If you want to see the internals of the container and manually run the application, follow these steps:

  1. Start the container in interactive mode. See the next section on how to run the container, and replace the docker run command with docker run --entrypoint /bin/bash.

  2. Once in the the Docker terminal, ensure the current directory is /app_rtstruct_writer.

  3. Copy test-data/input/mhd/* to /input and test-data/dcm/* to /dcm.

  4. Create /output and /logsfolders.

  5. Enter the command python ./main.py".

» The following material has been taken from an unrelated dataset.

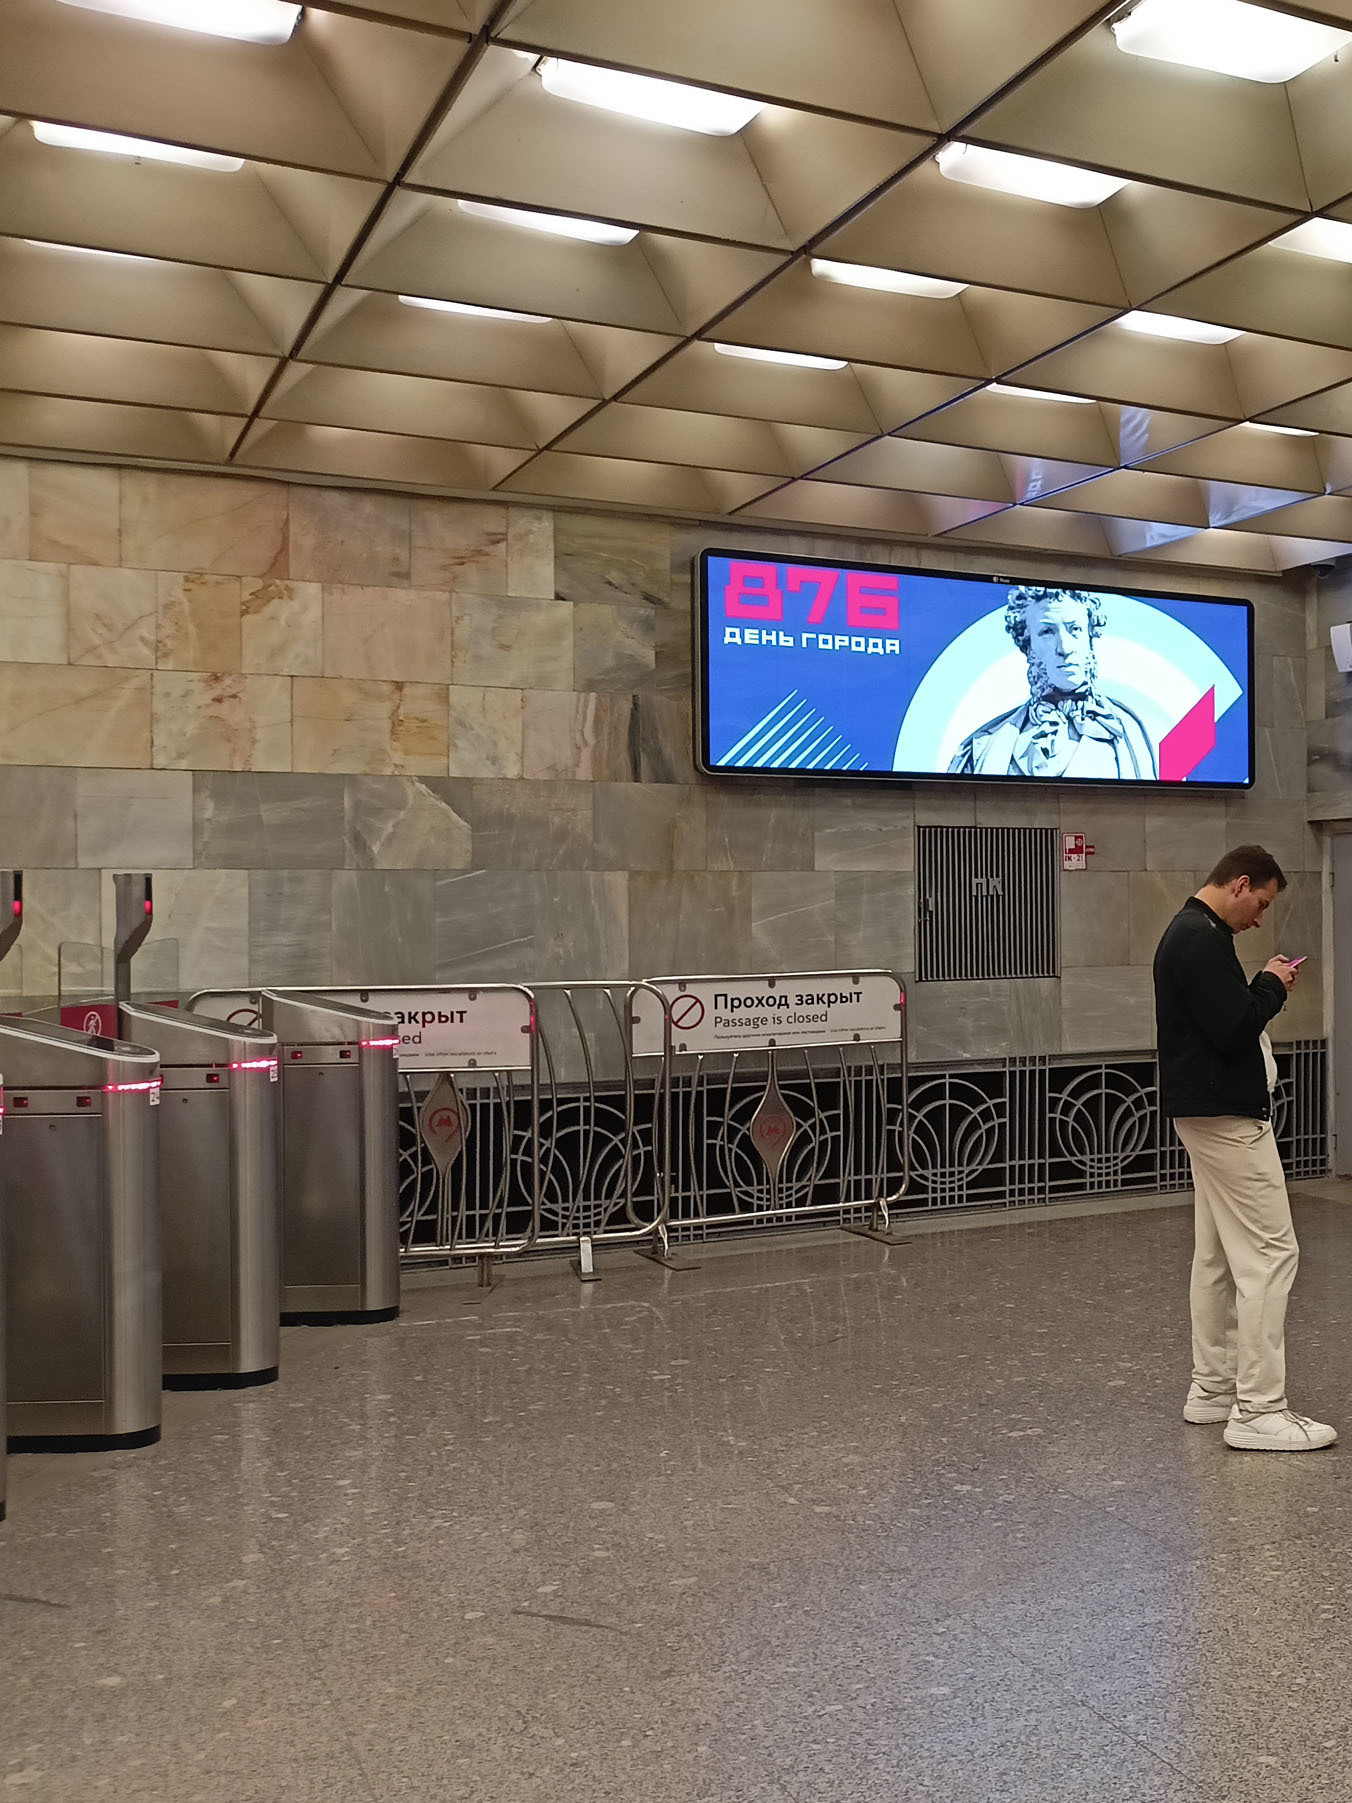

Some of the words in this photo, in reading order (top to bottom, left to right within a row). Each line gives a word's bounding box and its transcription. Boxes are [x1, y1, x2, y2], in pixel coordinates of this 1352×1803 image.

  6. Once finished, type exit.

9.21.6. Executing Operator in Docker

9.21.6.1. Prerequisites

  • The segmentation mask image file in MetaImage format

  • The original dcm files from the single DICOM series used for the segmentation

9.21.6.2. Step 1

Change to your working directory (e.g. my_test).

9.21.6.3. Step 2

Create, if they do not exist, the following directories under your working directory:

  • input and copy over the segmentation mask image file.

  • dcm and copy over the dcm files of the original DICOM series.

  • output for the generated DICOM RTSTRUCT dcm file.

  • logs for log files.

9.21.6.4. Step 3

In your working directory, create a shell script (e.g. run_app_docker.sh or other name if you prefer), copy the sample content below, save it, and make sure the variable TAG has the same value as the actual container tag:

SCRIPT_DIR=$(dirname "$(readlink -f "$0")")
TESTDATA_DIR=$(readlink -f "${SCRIPT_DIR}"/test-data)
APP_NAME="app_rtstruct_writer"
INPUT_TYPE="mhd"   # Change to json if using detected contours

# Build Docker image
docker build -t ${APP_NAME} -f ${SCRIPT_DIR}/Dockerfile ${SCRIPT_DIR}

# Run ${APP_NAME} container.
docker run --name ${APP_NAME} -t --rm \
    -v ${TESTDATA_DIR}/${INPUT_TYPE}:/input \
    -v ${SCRIPT_DIR}/output:/output \
    -v ${SCRIPT_DIR}/logs:/logs \
    -v ${TESTDATA_DIR}/dcm:/dcm \
    -e DEBUG_VSCODE \
    -e DEBUG_VSCODE_PORT \
    -e NVIDIA_CLARA_NOSYNCLOCK=TRUE \
    ${APP_NAME}

echo "${APP_NAME} has finished."

9.21.6.5. Step 4

Execute the script below and wait for the application container to finish:

./run_app_docker.sh

9.21.6.6. Step 5

Check for the following output files:

  • The segmentation results in the output directory

  • A file with the same name as the input file, suffixed with -RTSTRUCT and the extension .dcm.

9.21.6.7. Step 6

To visualize the results, use 3D Slicer with RT Extension or a DICOM viewer that supports RTSTRUCT. For detailed steps, see the viewer documentation. The key steps are as follows:

  1. Import the DICOM RTSTRUCT dcm file as well as the original DICOM series.

  2. Load both the original and the RTSTRUCT series.

  3. Scroll through the slices.

  4. To view 3D rendering, select the Volume Rendering module and enable the loaded volume.